PROBLEM:
The full set of entries is to be printed exactly, with pictures excluded.

EXTRACTED RECORDS:
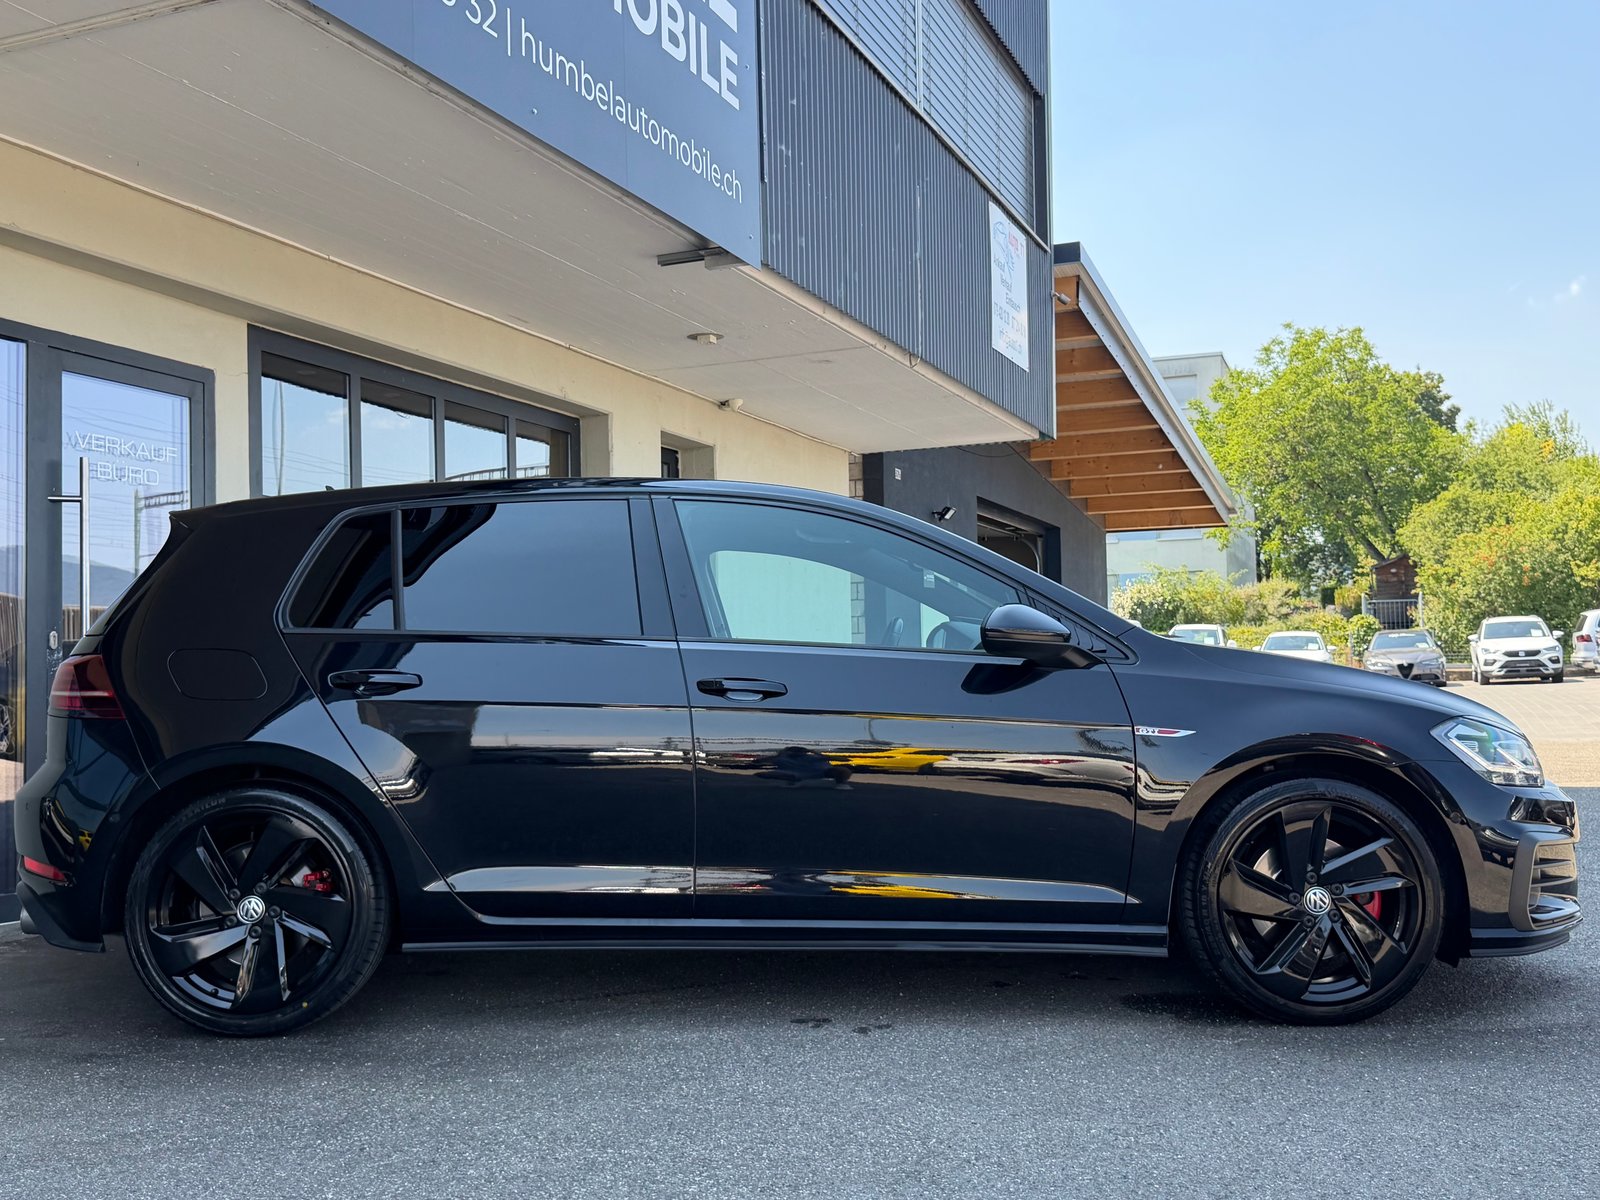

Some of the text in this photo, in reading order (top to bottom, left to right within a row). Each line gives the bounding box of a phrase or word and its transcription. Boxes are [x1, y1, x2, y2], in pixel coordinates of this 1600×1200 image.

[614, 0, 740, 111] OBILE
[521, 17, 743, 204] humbelautomobile.ch
[75, 430, 178, 463] VERKAUF
[96, 459, 160, 486] BÜRO

SOLUTION TO THIS TASK:
Some of the text in this photo, in reading order (top to bottom, left to right within a row). Each line gives the bounding box of a phrase or word and its transcription. Boxes are [x1, y1, x2, y2], in pixel coordinates of this 1600×1200 image.

[614, 0, 740, 111] OBILE
[521, 17, 743, 204] humbelautomobile.ch
[75, 430, 178, 463] VERKAUF
[96, 459, 160, 486] BÜRO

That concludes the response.